Data to use:
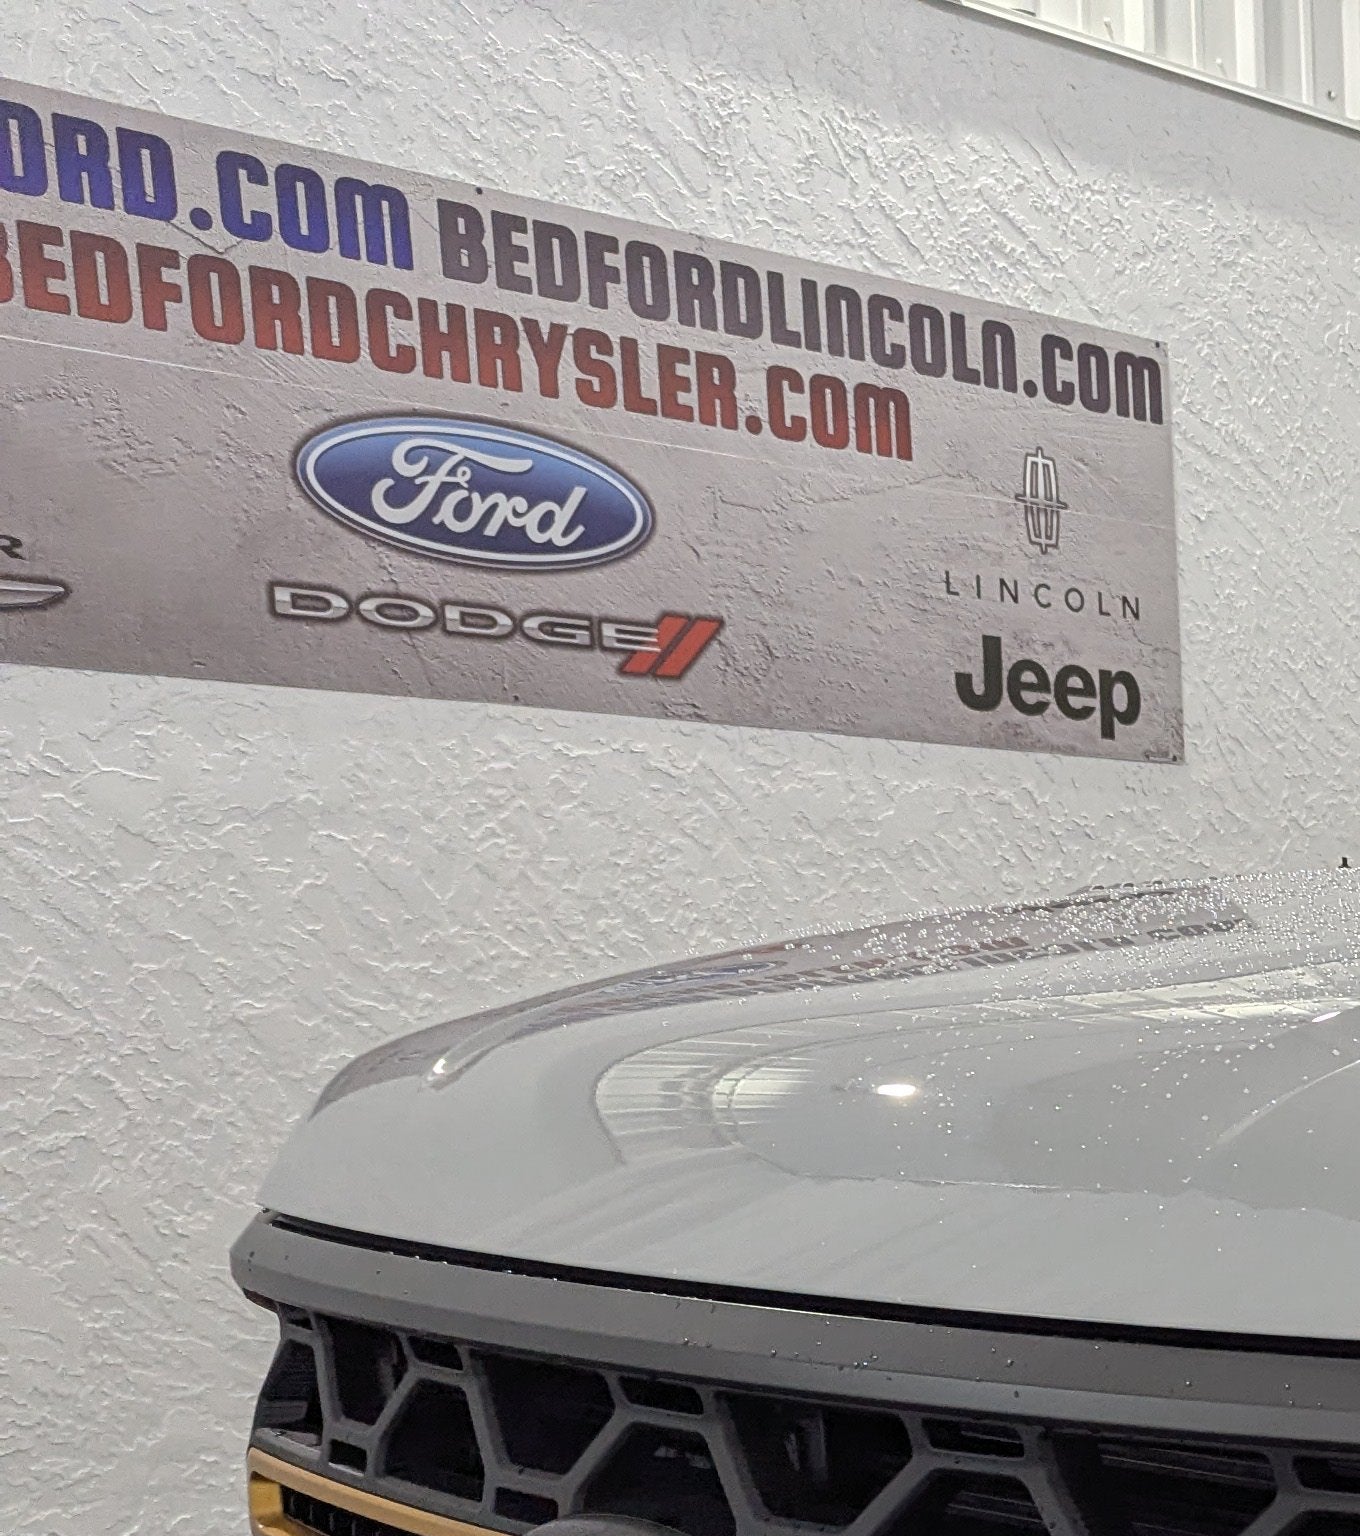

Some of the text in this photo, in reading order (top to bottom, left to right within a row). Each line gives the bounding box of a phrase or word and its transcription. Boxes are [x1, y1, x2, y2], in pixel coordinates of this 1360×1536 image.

[0, 219, 913, 462] EDFORDCHRYSLER.COM
[436, 198, 1164, 425] BEDFORDLINCOLN.COM
[371, 437, 587, 550] Ford
[273, 585, 662, 654] DODGE
[944, 569, 1141, 622] LINCOLN
[954, 633, 1142, 741] Jeep

Work instruction:
Leave out the pictures and return the listing exactly.

Result of the exercise:
Some of the text in this photo, in reading order (top to bottom, left to right within a row). Each line gives the bounding box of a phrase or word and its transcription. Boxes are [x1, y1, x2, y2], in pixel coordinates of this 1360×1536 image.

[0, 219, 913, 462] EDFORDCHRYSLER.COM
[436, 198, 1164, 425] BEDFORDLINCOLN.COM
[371, 437, 587, 550] Ford
[273, 585, 662, 654] DODGE
[944, 569, 1141, 622] LINCOLN
[954, 633, 1142, 741] Jeep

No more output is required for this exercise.